Your objective: If a record holds a picture, leave the picture out; return everything else exactly.

*** Data shown ***

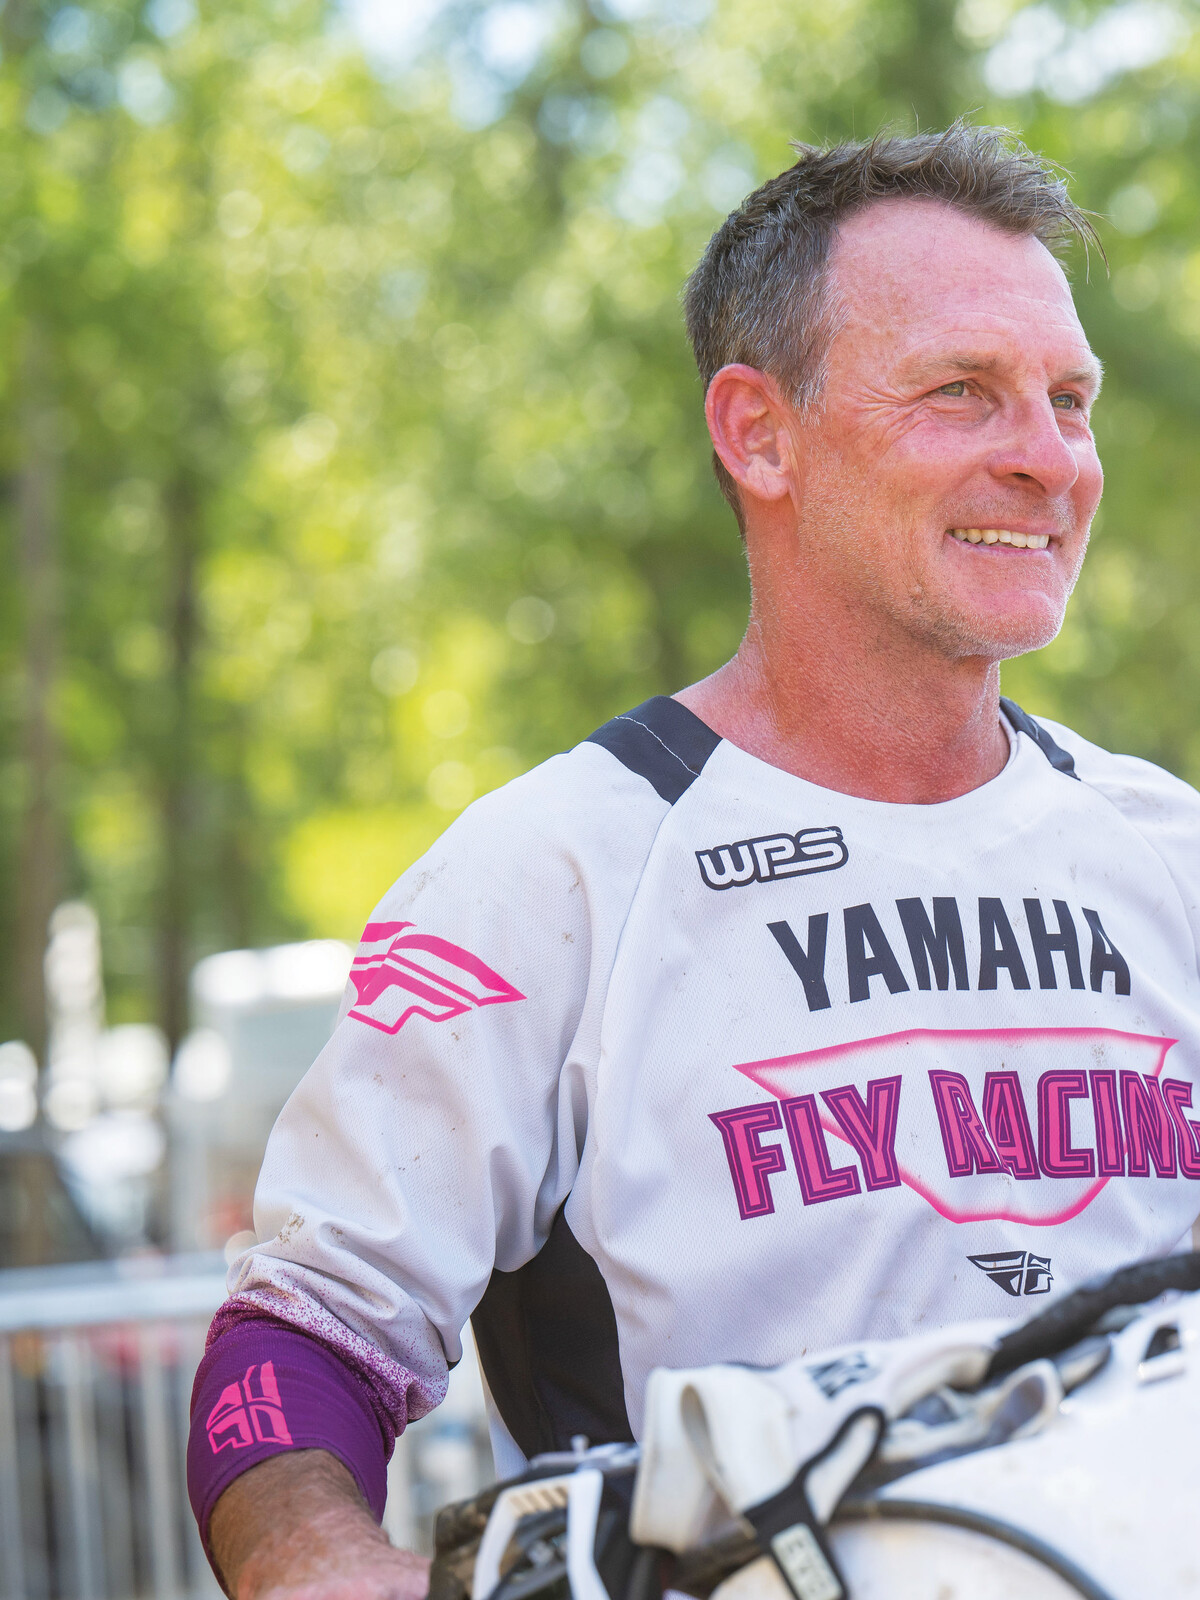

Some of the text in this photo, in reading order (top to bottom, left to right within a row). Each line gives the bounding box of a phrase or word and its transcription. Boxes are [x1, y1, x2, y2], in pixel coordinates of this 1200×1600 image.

[696, 825, 849, 890] WPS
[766, 896, 1132, 1012] YAMAHA
[707, 1074, 902, 1220] FLY
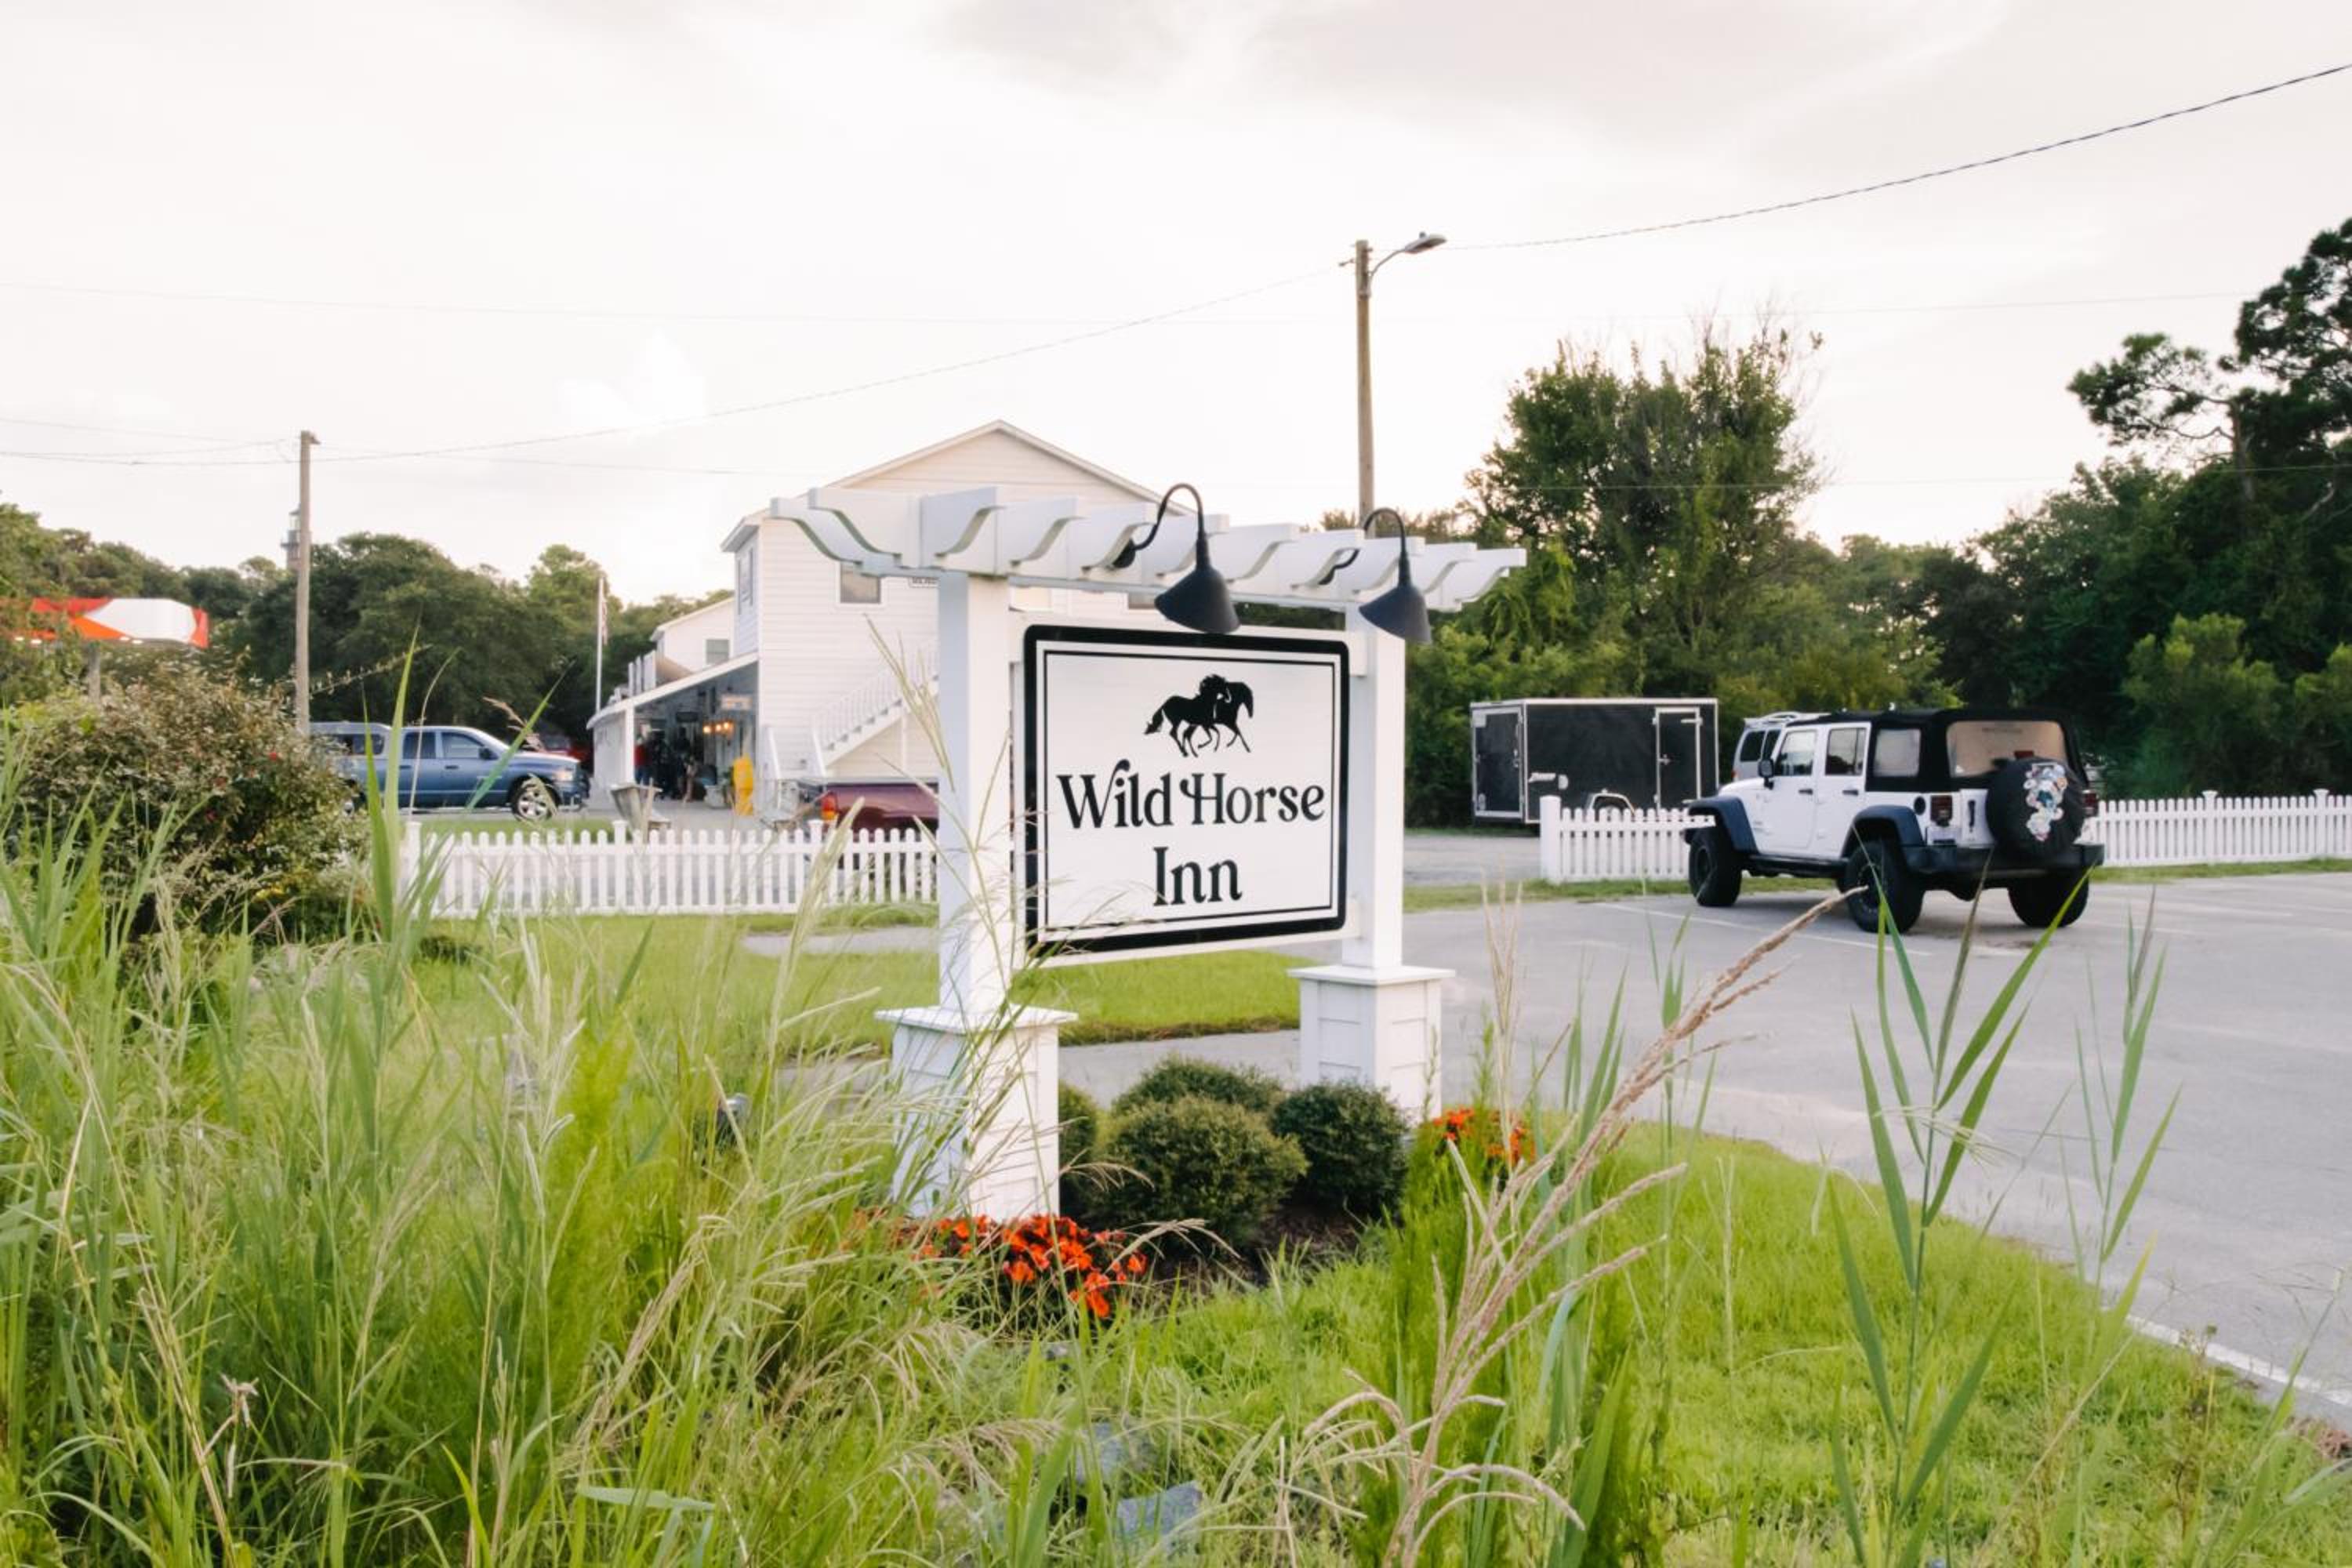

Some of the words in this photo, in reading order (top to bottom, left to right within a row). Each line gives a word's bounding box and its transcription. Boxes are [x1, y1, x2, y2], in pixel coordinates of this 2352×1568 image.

*** End of Data shown ***

Result of this task:
Some of the text in this photo, in reading order (top to bottom, left to right within a row). Each line gives the bounding box of a phrase or word and its transcription. Boxes are [x1, y1, x2, y2], in pixel coordinates of this 1200×1600 image.

[696, 825, 849, 890] WPS
[766, 896, 1132, 1012] YAMAHA
[707, 1074, 902, 1220] FLY

Some of the words in this photo, in reading order (top to bottom, left to right within a row). Each line gives a word's bounding box and its transcription. Boxes are [x1, y1, x2, y2], in pixel coordinates of this 2352×1568 image.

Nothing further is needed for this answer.